▸ **Work to be completed**: The listing below is to be given again in full and word for word, without its images.

▸ **Provided records**:
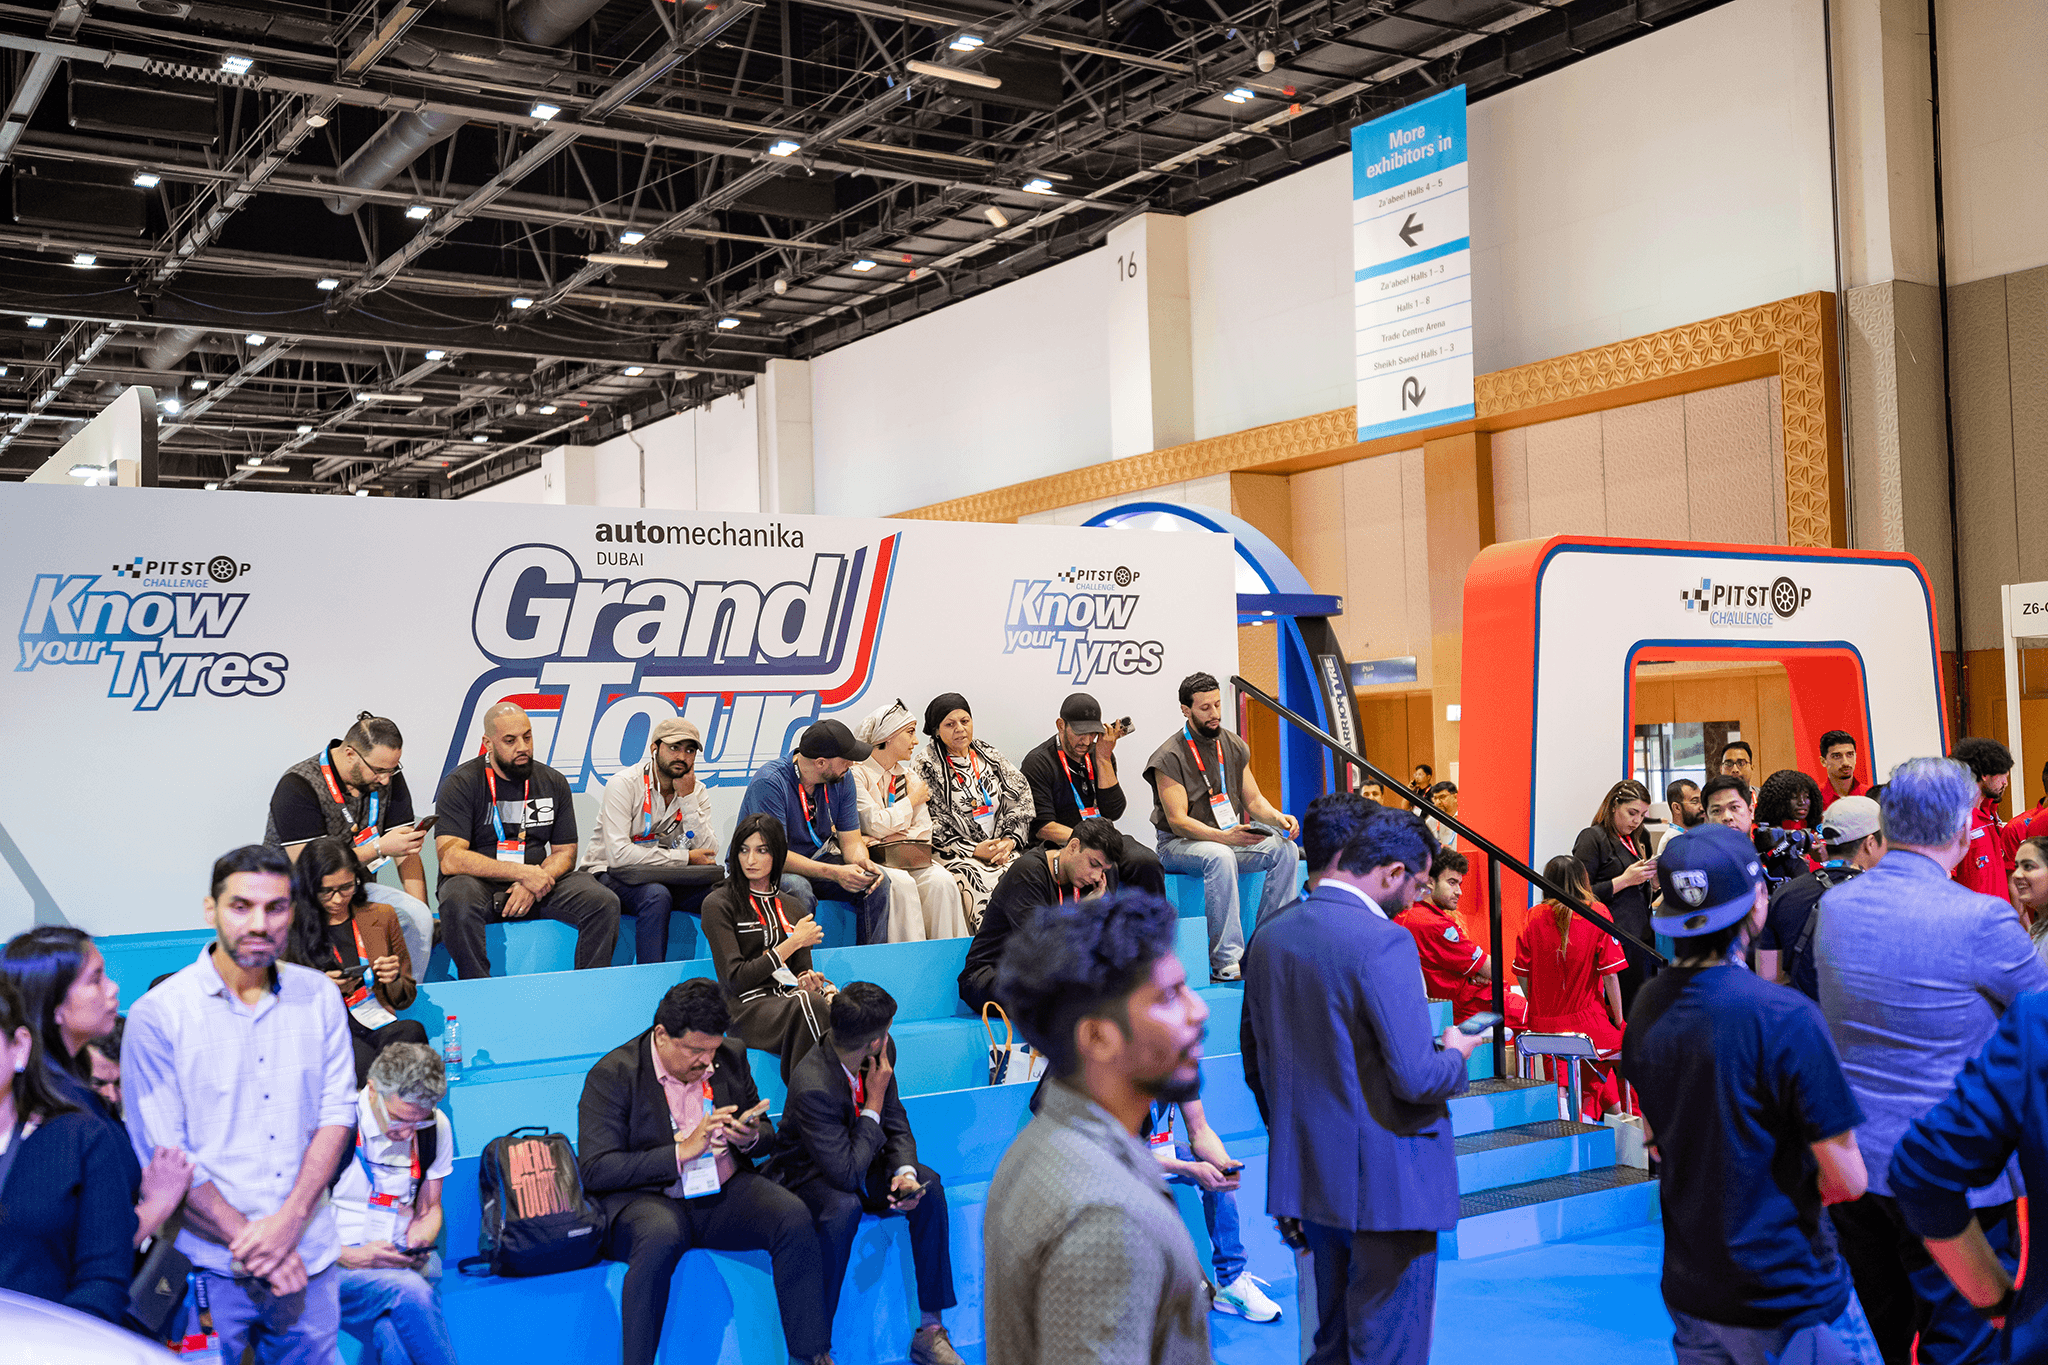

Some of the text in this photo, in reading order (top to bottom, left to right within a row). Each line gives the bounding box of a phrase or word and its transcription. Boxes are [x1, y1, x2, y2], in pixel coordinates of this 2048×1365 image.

[1388, 125, 1426, 150] More
[1366, 135, 1452, 179] exhibitors in
[1407, 186, 1425, 198] Halls
[1425, 182, 1431, 191] 4
[1438, 178, 1443, 188] 5
[1117, 250, 1138, 282] 16
[1410, 271, 1428, 283] Halls
[1439, 264, 1445, 274] 3
[1396, 302, 1414, 313] Halls
[1425, 296, 1431, 305] 8
[1381, 320, 1446, 343] Trade Centre Arena
[1373, 359, 1397, 371] Sheikh
[1398, 353, 1420, 365] Saeed
[1420, 348, 1438, 360] Halls
[1449, 343, 1455, 352] 3
[594, 520, 805, 549] automechanika
[596, 551, 645, 567] DUBAI
[142, 577, 210, 589] CHALLENGE
[1075, 582, 1116, 592] CHALLENGE
[20, 573, 249, 638] Know
[473, 545, 846, 661] Grand
[1005, 579, 1140, 629] Know
[1710, 611, 1774, 626] CHALLENGE
[1003, 629, 1164, 685] your Tyres
[16, 638, 288, 711] your Tyres
[537, 661, 823, 792] Tour
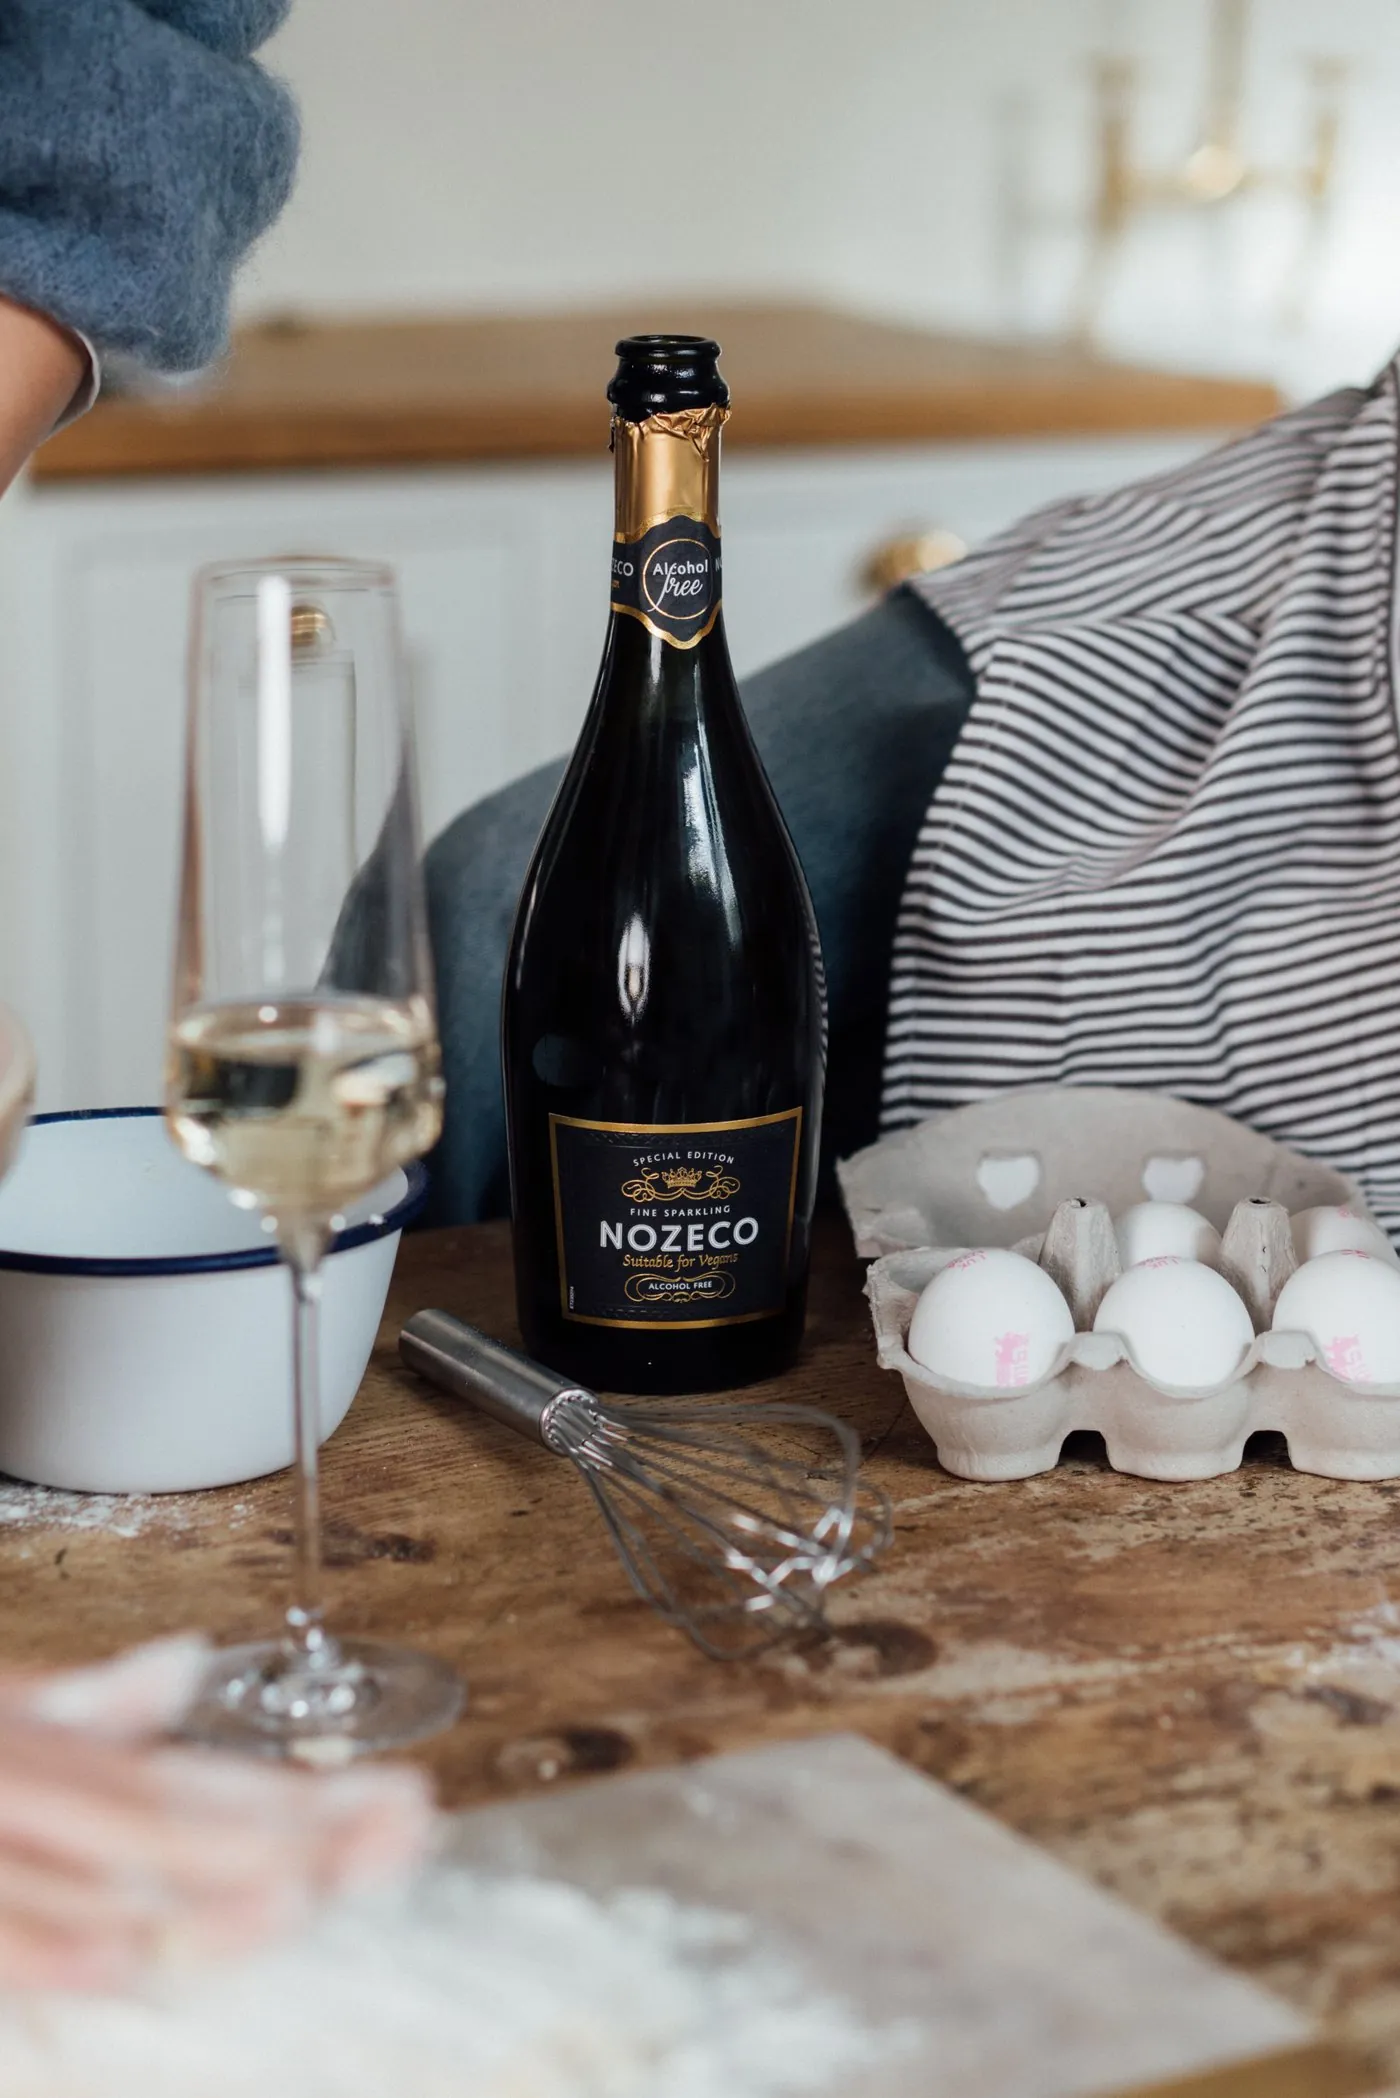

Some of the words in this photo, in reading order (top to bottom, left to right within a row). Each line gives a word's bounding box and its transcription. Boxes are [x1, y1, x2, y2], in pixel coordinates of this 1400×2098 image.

[652, 559, 708, 576] Alcohol
[647, 563, 704, 612] free
[633, 1151, 681, 1166] SPECIAL
[687, 1151, 735, 1164] EDITION
[630, 1208, 657, 1217] FINE
[664, 1205, 731, 1217] SPARKLING
[599, 1217, 759, 1252] NOZECO
[623, 1254, 673, 1268] Suitable
[675, 1255, 695, 1273] for
[699, 1252, 738, 1270] Vegans
[648, 1282, 690, 1290] ALCOHOL
[693, 1280, 713, 1289] FREE

▸ **Task answer**:
Some of the text in this photo, in reading order (top to bottom, left to right within a row). Each line gives the bounding box of a phrase or word and its transcription. Boxes are [x1, y1, x2, y2], in pixel coordinates of this 2048×1365 image.

[1388, 125, 1426, 150] More
[1366, 135, 1452, 179] exhibitors in
[1407, 186, 1425, 198] Halls
[1425, 182, 1431, 191] 4
[1438, 178, 1443, 188] 5
[1117, 250, 1138, 282] 16
[1410, 271, 1428, 283] Halls
[1439, 264, 1445, 274] 3
[1396, 302, 1414, 313] Halls
[1425, 296, 1431, 305] 8
[1381, 320, 1446, 343] Trade Centre Arena
[1373, 359, 1397, 371] Sheikh
[1398, 353, 1420, 365] Saeed
[1420, 348, 1438, 360] Halls
[1449, 343, 1455, 352] 3
[594, 520, 805, 549] automechanika
[596, 551, 645, 567] DUBAI
[142, 577, 210, 589] CHALLENGE
[1075, 582, 1116, 592] CHALLENGE
[20, 573, 249, 638] Know
[473, 545, 846, 661] Grand
[1005, 579, 1140, 629] Know
[1710, 611, 1774, 626] CHALLENGE
[1003, 629, 1164, 685] your Tyres
[16, 638, 288, 711] your Tyres
[537, 661, 823, 792] Tour

Some of the words in this photo, in reading order (top to bottom, left to right within a row). Each line gives a word's bounding box and its transcription. Boxes are [x1, y1, x2, y2], in pixel coordinates of this 1400×2098 image.

[652, 559, 708, 576] Alcohol
[647, 563, 704, 612] free
[633, 1151, 681, 1166] SPECIAL
[687, 1151, 735, 1164] EDITION
[630, 1208, 657, 1217] FINE
[664, 1205, 731, 1217] SPARKLING
[599, 1217, 759, 1252] NOZECO
[623, 1254, 673, 1268] Suitable
[675, 1255, 695, 1273] for
[699, 1252, 738, 1270] Vegans
[648, 1282, 690, 1290] ALCOHOL
[693, 1280, 713, 1289] FREE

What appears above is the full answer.